I have mentioned some of our recommendations already, we have in all 10 in the report. But here are the most important ones: SAY MORE ABOUT EACH - Datastores: Data.gov, state/regional/local - Principles, licenses, guidelines, handbook - Personal data: special attention - Define and fund pilot projects – many examples how this is done, for example with the London datastore. We will also hear more about this later from Denmark. A general point about knowledge transfer: When I follow this field internationally now, I see almost daily new initiatives and ideas that can inspire and be copied here. From what I can understand, it has never been easier to transfer knowledge and experience between countries. I'm pretty certain we will leave today with more good ideas.
RETURN TO WIDER CONTEXT OF OPEN DATA I have taken for granted the underlying premise : That opening up government data is A Good Thing . When we talk about this in the most general terms , I think that is acceptable . The principle of re-use of government data has actually been implemented in the law across Europe as a result of an EU directive. In the Nordic countries, opening up data fits seamlessly into the tradition of transparency in government with quite far-reaching freedom of information legislation. The right of access to database information in public sector agencies has indeed been added to the freedom of information act. It was a logical step. But advancing from these very basic principles, there are plenty of other issues to address . When we get so far as to having more data at our disposal, what will we do with them?
This mashup was created by an IT developer in Britain immediately after membership lists of BNP were leaked and posted online a little more than a year ago. By using a standard Google Maps template, it makes it look like the BNP has taken over the UK completely. Criticized for various reasons, and the creator decided to take it down again . The data were stolen, confidential and not government data, and posting them online was definitely breaching these people's right to privacy. Some people, when they got hold of these data, were so eager to use them in their fight against the BNP that they forgot all about the usual privacy concerns . BUT: Public sphere worked. Extreme example, but interesting in our context. In less controversial areas, we risk ending up with misleading information instead of gaining insight from the mashup of different data sources. The concern that "giving us our data" will result in confusion was also frequently mentioned by the civil servants we talked to. But is it desirable or even possible to lock up data sources? It is hard to find convincing arguments for that. Just as the means of producing and distributing news and information now are available to all, data will also be at our fingertips. Our job must be to work for good tools, good practices and good results.

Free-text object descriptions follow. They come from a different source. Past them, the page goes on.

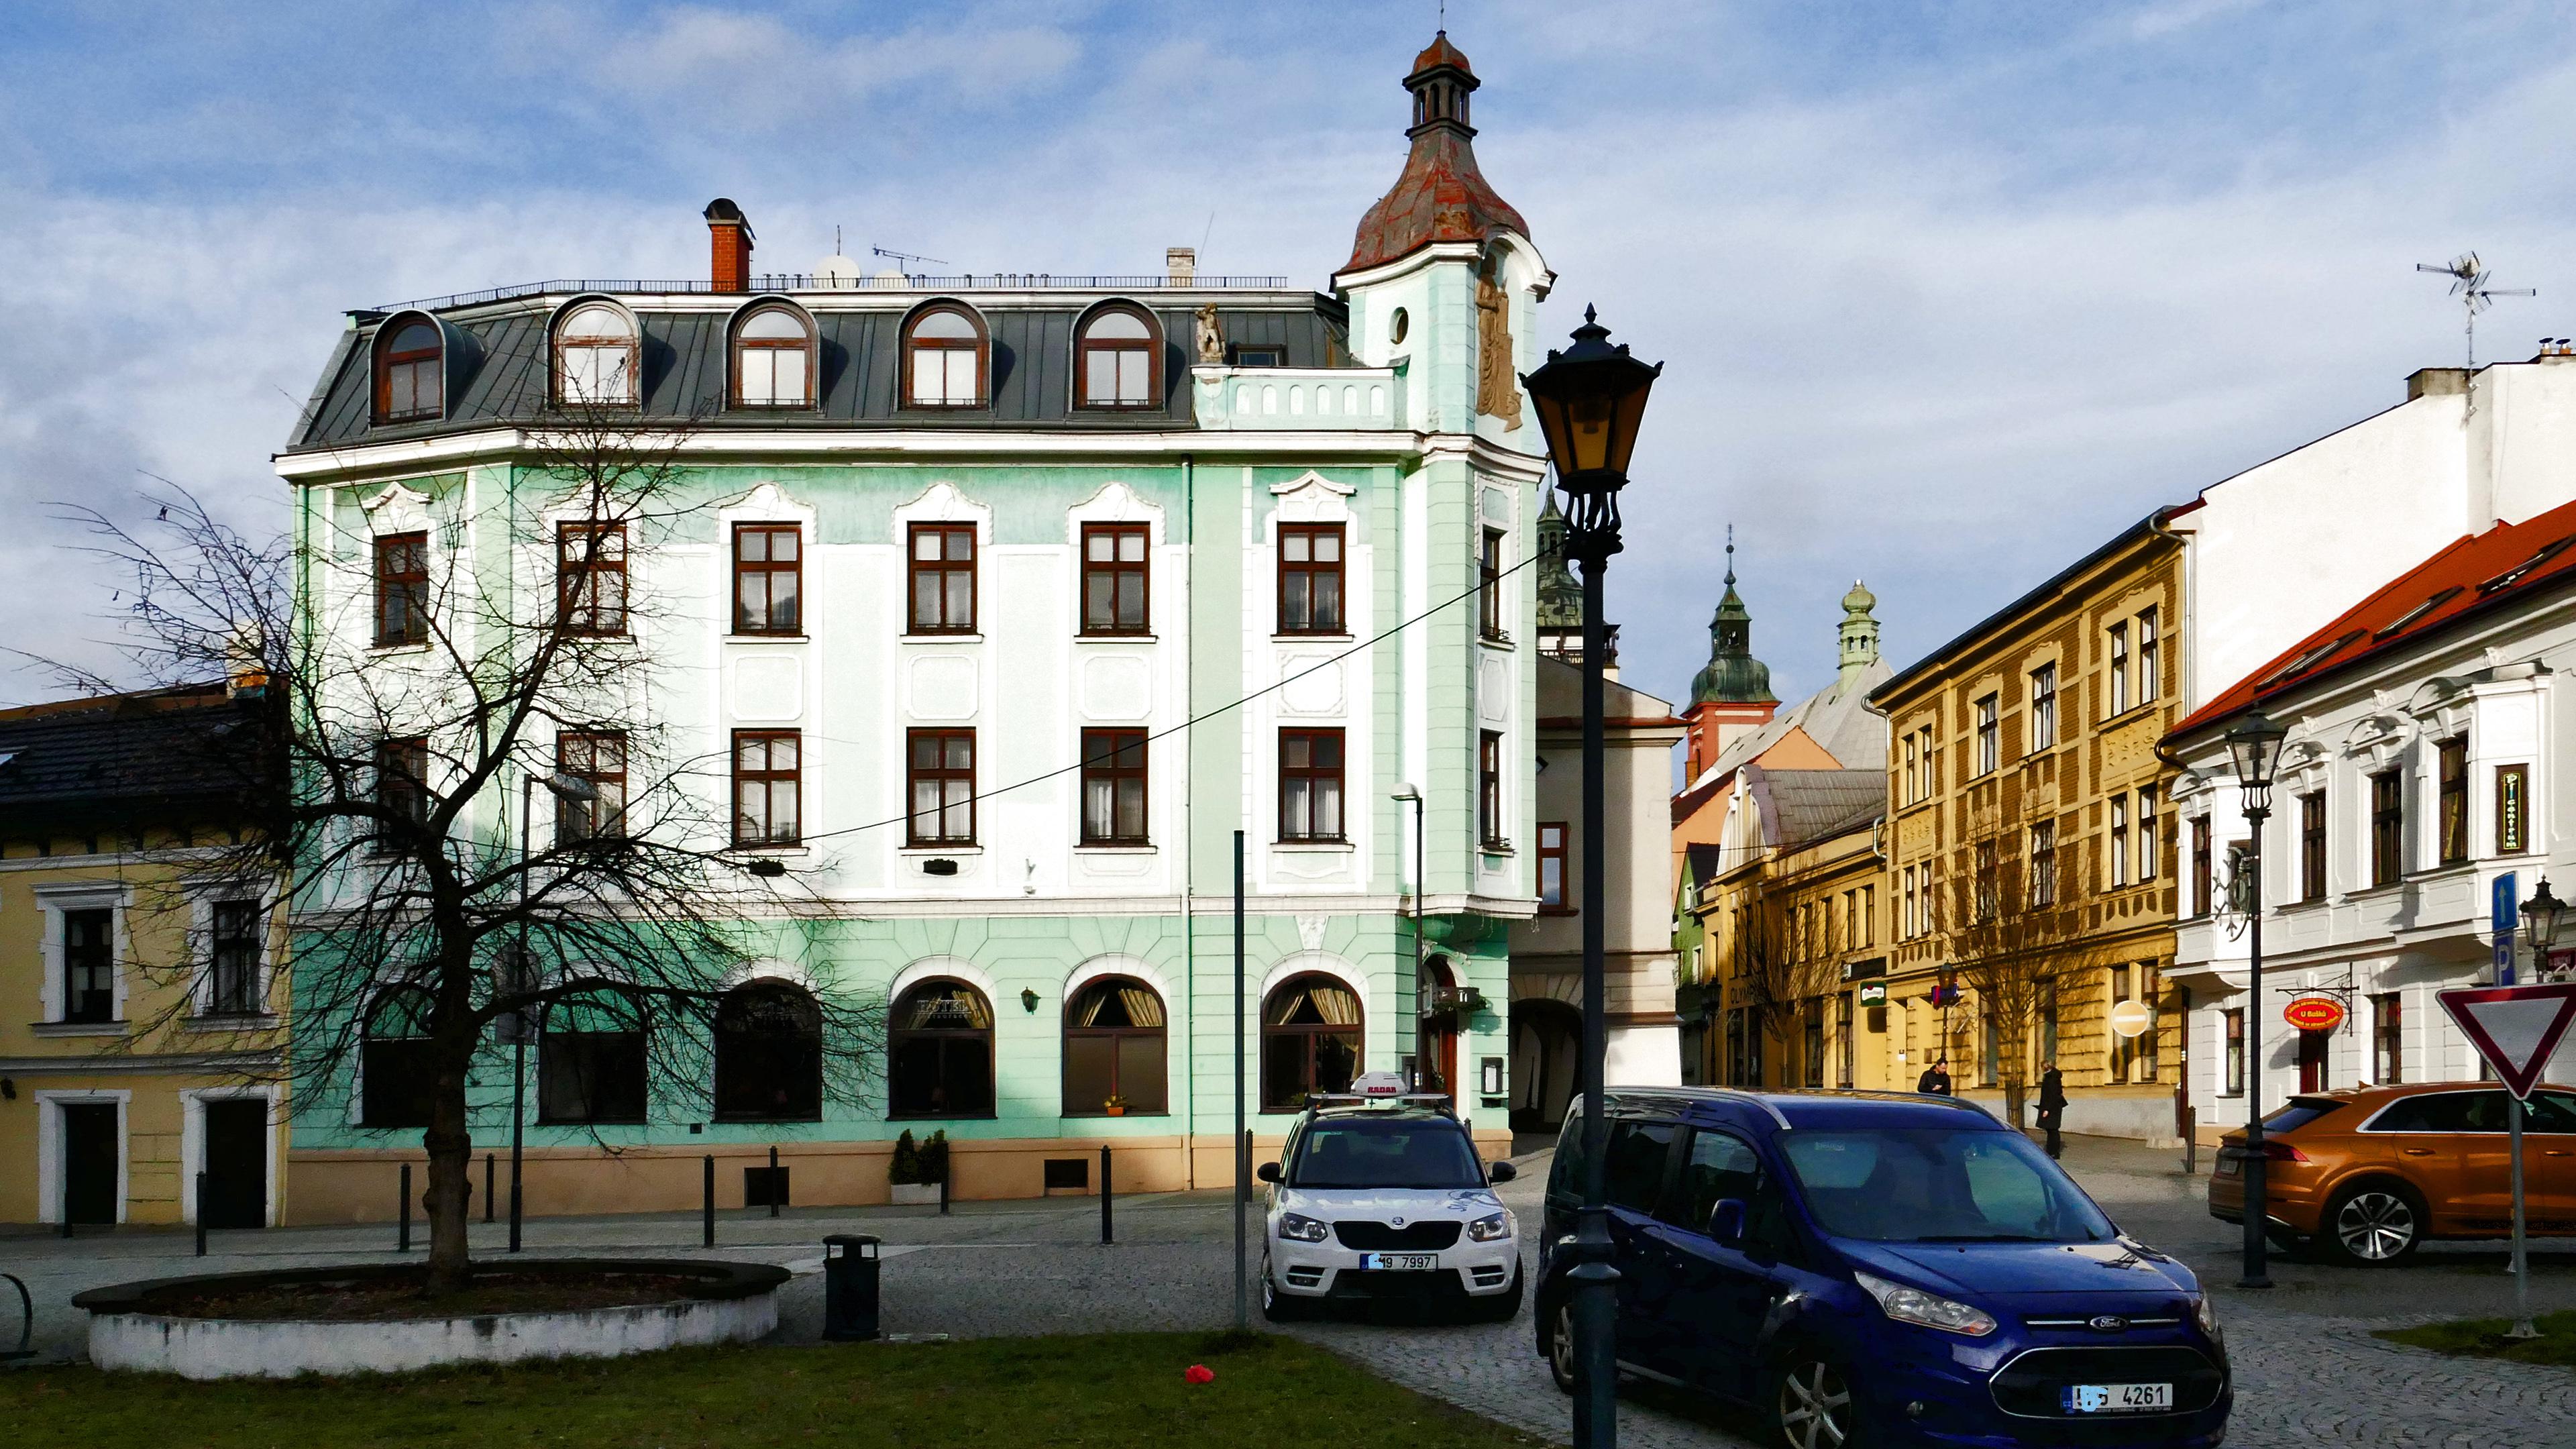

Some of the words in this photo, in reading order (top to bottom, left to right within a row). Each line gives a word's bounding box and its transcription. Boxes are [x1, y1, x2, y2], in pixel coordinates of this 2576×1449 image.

[2498, 945, 2510, 985] P
[916, 1000, 969, 1012] HOTEL
[1402, 1256, 1431, 1268] 7997
[2100, 1318, 2121, 1327] Ford
[2123, 1385, 2164, 1405] 4261

And we must keep the debates going. This is one way to frame them. GOOD PRACTICES: Create good examples, display them, criticize the bad. EMERGING COMMUNITY: You notice that there is already a very active community, how to knit them closer together? I hope we will cover some of these questions today, and I'm sure we will hear about many good examples of what can be done with public sector data. This is a question of opening up not only the public sector and politics, but also journalism itself . Opening up by letting other groups perform journalism-related work, and opening up by displaying our own data sources and inspire readers, users and citizens to work together with us.